> [Source information]:
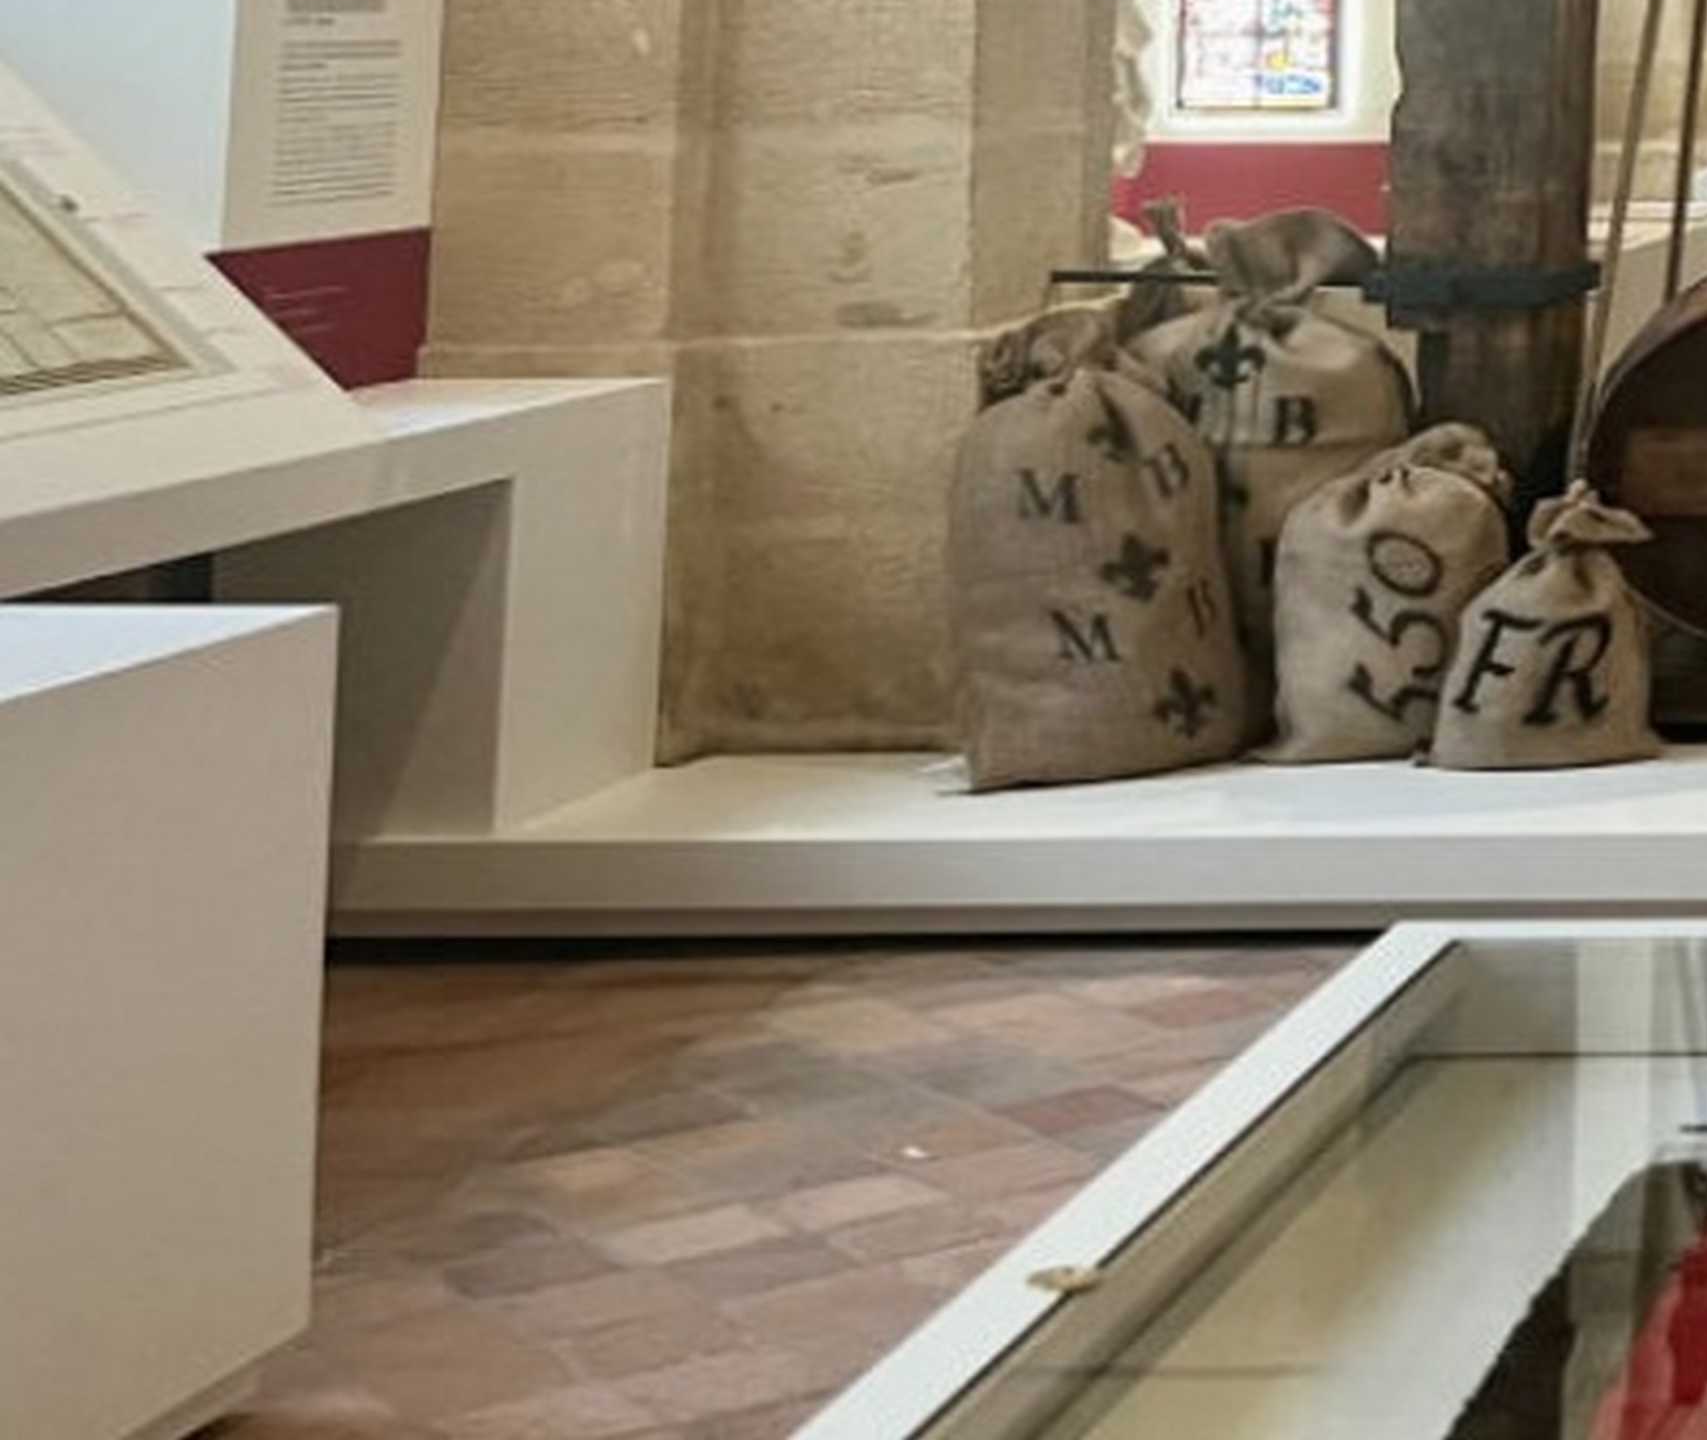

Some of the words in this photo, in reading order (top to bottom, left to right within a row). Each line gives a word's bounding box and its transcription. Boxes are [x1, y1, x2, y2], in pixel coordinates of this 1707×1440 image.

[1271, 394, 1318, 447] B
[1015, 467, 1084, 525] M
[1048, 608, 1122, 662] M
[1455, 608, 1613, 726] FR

> [The problem]: With images left out, the data must be transcribed exactly.

> [Answer to this exercise]:
Some of the words in this photo, in reading order (top to bottom, left to right within a row). Each line gives a word's bounding box and its transcription. Boxes are [x1, y1, x2, y2], in pixel coordinates of this 1707×1440 image.

[1271, 394, 1318, 447] B
[1015, 467, 1084, 525] M
[1048, 608, 1122, 662] M
[1455, 608, 1613, 726] FR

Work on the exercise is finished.